Radio Technique
George Myers
I'm more behind the deadline than ever before, struggling to put the results of a month of experimenting into 1,500 words. Bear with me; something good may come out of it!
The whole thing began with several reader requests for a simple way to evaluate a servo. We all noticed that servos slow down, lose torque, get noisy and begin to interfere with other system electronics as they age. At some point repair or replacement becomes necessary. The trick is to find that point while the plane is sitting on the workbench.
Most folks intuitively decide a simple torque meter will solve the problem. They look for something that can be pressed down over the servo, while it is in the airplane, that will detect a servo about to go over the hill. I built a few. They don't do the job. By the time the torque meter shows (with certainty) that performance is down, you can see the lost performance without it. Besides, you don't want to go twisting the servo output arm when the servo is resisting — it's too easy to damage gear teeth that way. I speak from experience.
My criteria for a useful test are:
- The test shouldn't damage the test article.
- The test results should be specific in defining good vs. bad.

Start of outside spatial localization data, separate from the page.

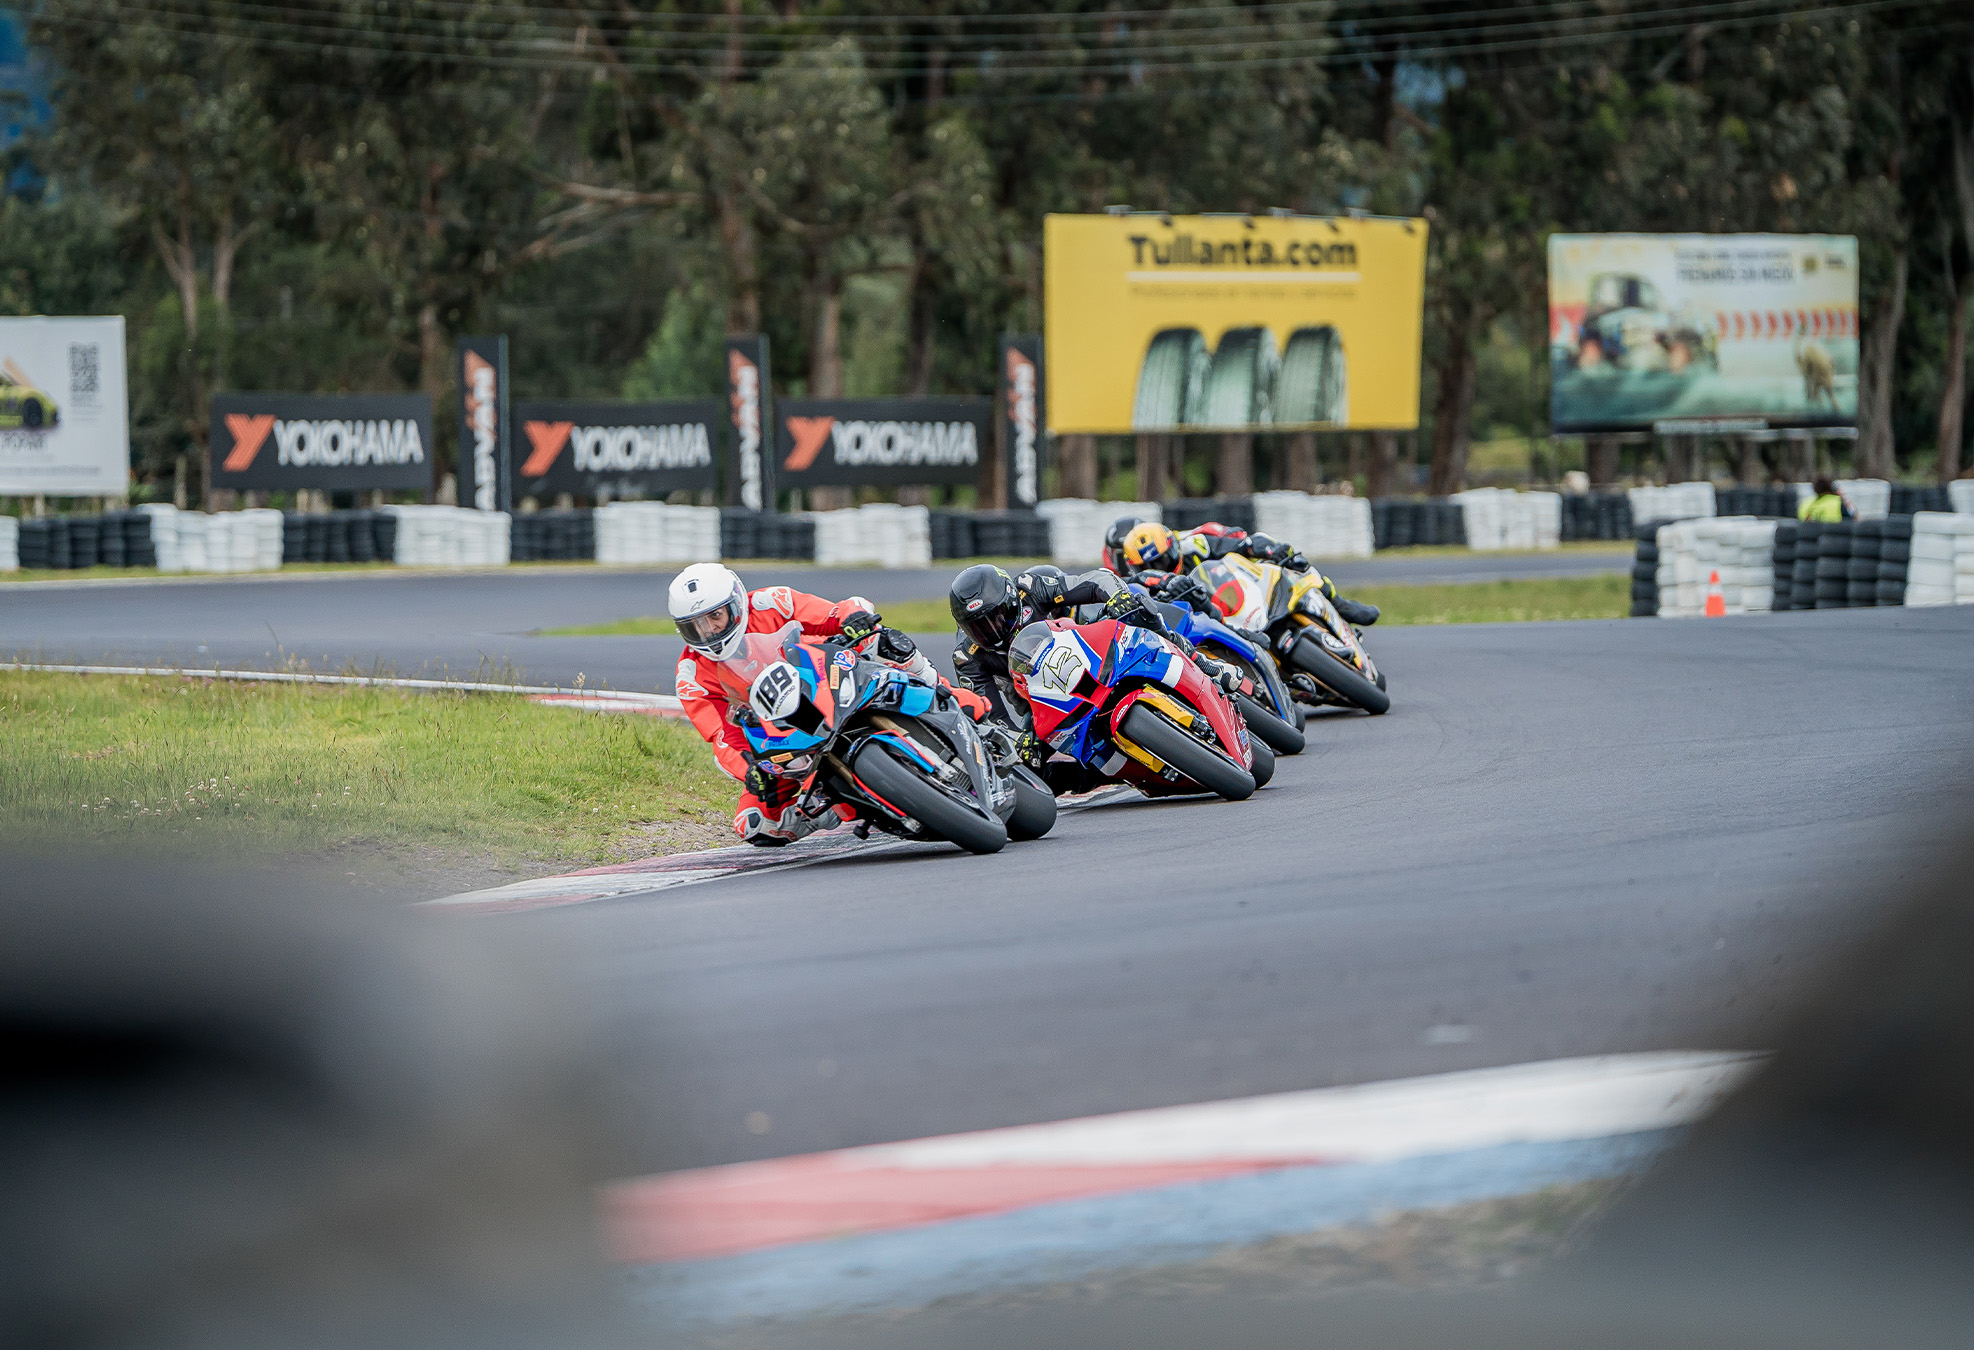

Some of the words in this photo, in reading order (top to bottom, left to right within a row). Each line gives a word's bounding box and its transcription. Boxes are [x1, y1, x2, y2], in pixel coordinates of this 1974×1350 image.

[1127, 232, 1358, 266] Tullanta.com
[273, 418, 425, 466] YOKOHAMA
[571, 422, 712, 473] YOKOHAMA
[831, 419, 979, 466] YOKOHAMA
[1035, 647, 1051, 671] HONDA
[755, 664, 793, 717] 189
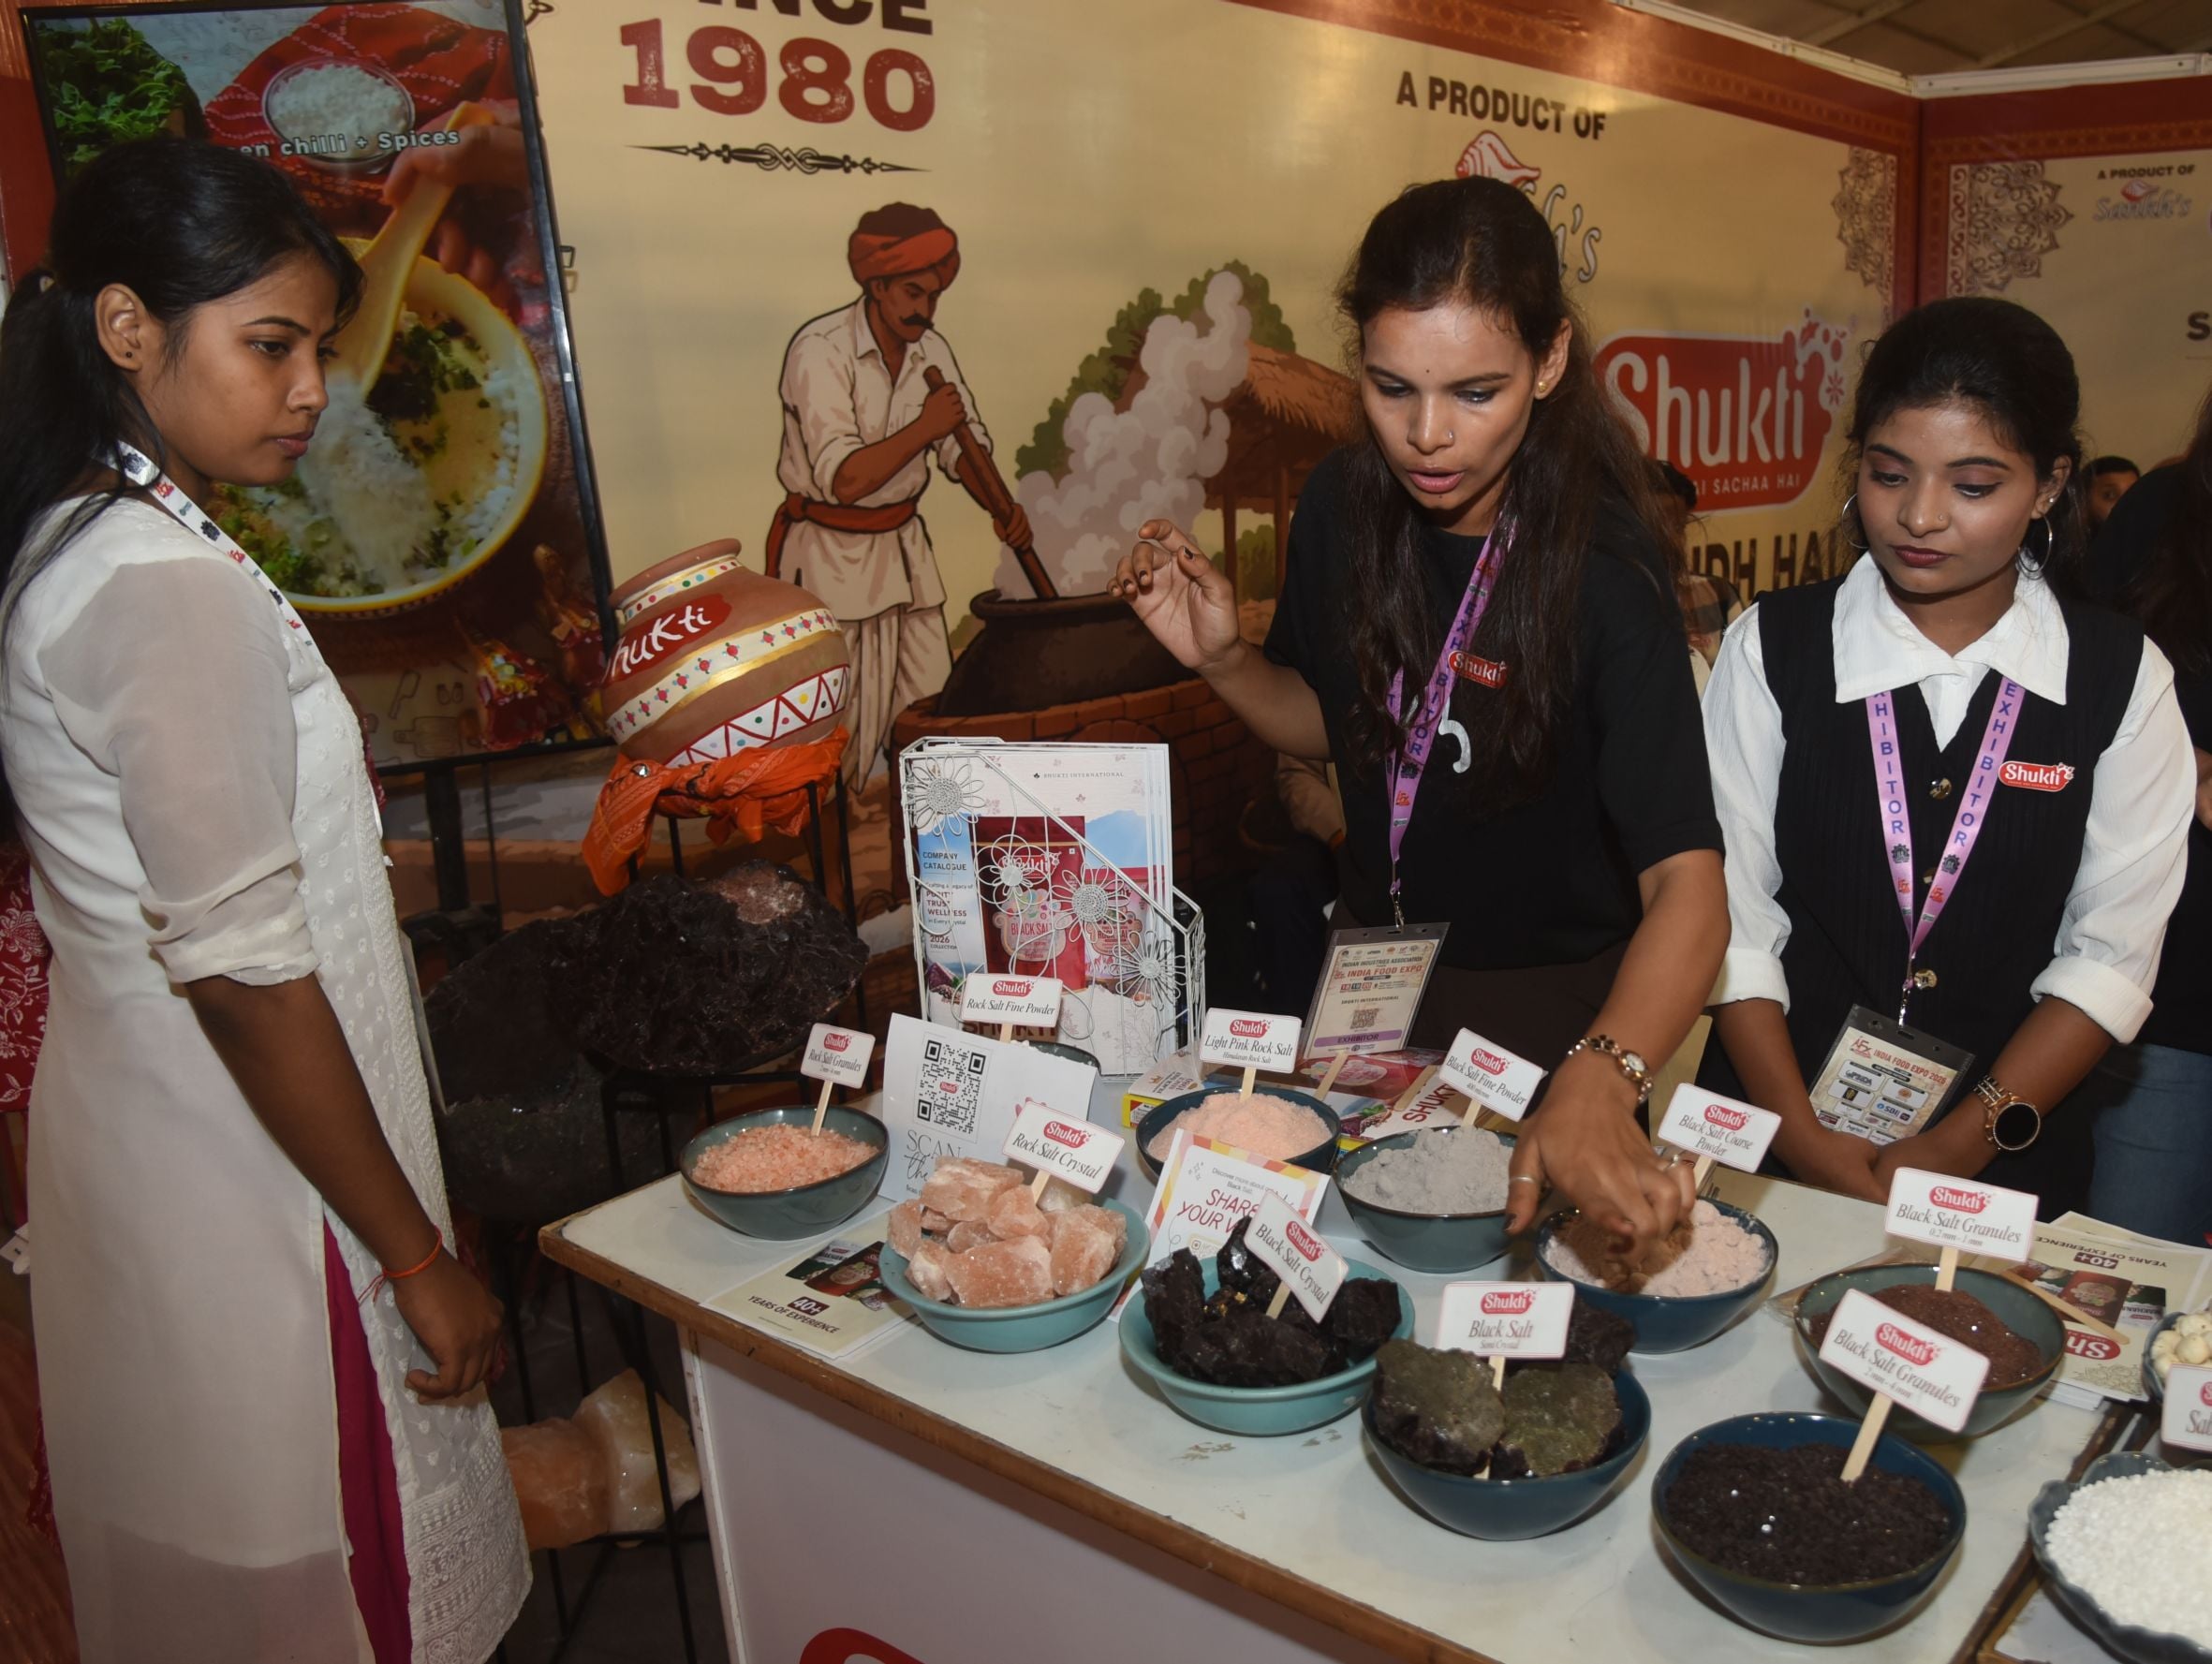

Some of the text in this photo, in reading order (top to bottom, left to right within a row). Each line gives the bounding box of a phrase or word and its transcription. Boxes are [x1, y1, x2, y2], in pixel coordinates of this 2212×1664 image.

[620, 18, 936, 132] 1980
[1396, 71, 1606, 140] A PRODUCT OF
[281, 133, 347, 155] chilli
[378, 129, 460, 153] Spices
[2097, 164, 2195, 180] A PRODUCT OF
[1604, 349, 1804, 469] Shukti
[1713, 476, 1769, 495] SACHAA
[1777, 472, 1800, 488] HAI
[1954, 682, 2017, 847] EXHIBITOR
[2005, 763, 2059, 786] Shukti
[930, 935, 950, 944] 2026
[1348, 965, 1423, 977] INDIA FOOD EXPO
[995, 980, 1026, 994] Shukti
[966, 997, 1055, 1014] Rock Salt Fine Powder
[1232, 1020, 1262, 1035] Shukti
[1337, 1033, 1379, 1044] EXHIBITOR
[1204, 1034, 1294, 1056] Light Pink Rock Salt
[833, 1054, 862, 1072] Granules
[1473, 1049, 1501, 1074] Shukti
[1873, 1049, 1891, 1062] INDIA
[1892, 1055, 1910, 1070] FOOD
[1910, 1064, 1929, 1076] EXPO
[1927, 1072, 1947, 1084] 2026
[1447, 1055, 1466, 1075] Black
[1465, 1062, 1482, 1082] Salt
[1478, 1069, 1497, 1091] Fine
[1497, 1081, 1527, 1106] Powder
[1678, 1114, 1704, 1135] Black
[1705, 1124, 1725, 1141] Salt
[1706, 1105, 1743, 1127] Shukti
[1047, 1122, 1080, 1146] Shukti
[1012, 1132, 1102, 1179] Rock Salt Crystal
[1695, 1136, 1728, 1157] Powder
[1933, 1187, 1980, 1210] Shukti
[1176, 1200, 1224, 1230] YOUR
[1895, 1203, 2022, 1244] Black Salt Granules
[1289, 1220, 1319, 1259] Shukti
[1928, 1228, 1941, 1238] 0.2
[2035, 1235, 2107, 1256] EXPERIENCE
[1255, 1223, 1290, 1254] Black
[1282, 1247, 1301, 1274] Salt
[1299, 1266, 1330, 1305] Crystal
[2077, 1253, 2113, 1267] 40+
[2129, 1256, 2168, 1268] YEARS
[793, 1298, 823, 1316] 40+
[1484, 1292, 1526, 1310] Shukti
[748, 1295, 840, 1334] YEARS OF EXPERIENCE
[1468, 1319, 1534, 1338] Black Salt
[1877, 1323, 1927, 1361] Shukti
[1833, 1329, 1961, 1408] Black Salt Granules

- The tools should be readily available and useable by people who have no interest in electronics.
- The test should be possible in the plane, so it can be conducted without removing the RC installation.
- The test should be simple to perform.
Solution: the transit-time test
The solution I settled on is the transit-time test. The purpose is to determine whether transit time — the time in seconds required for a servo to move its output arm through a specified angle — has changed.
Tools required
- An Ace R/C, Inc. Servo Cycle, modified to measure transit time.
- A corner clipped off a business card to provide a 90° reference to set servo stroke.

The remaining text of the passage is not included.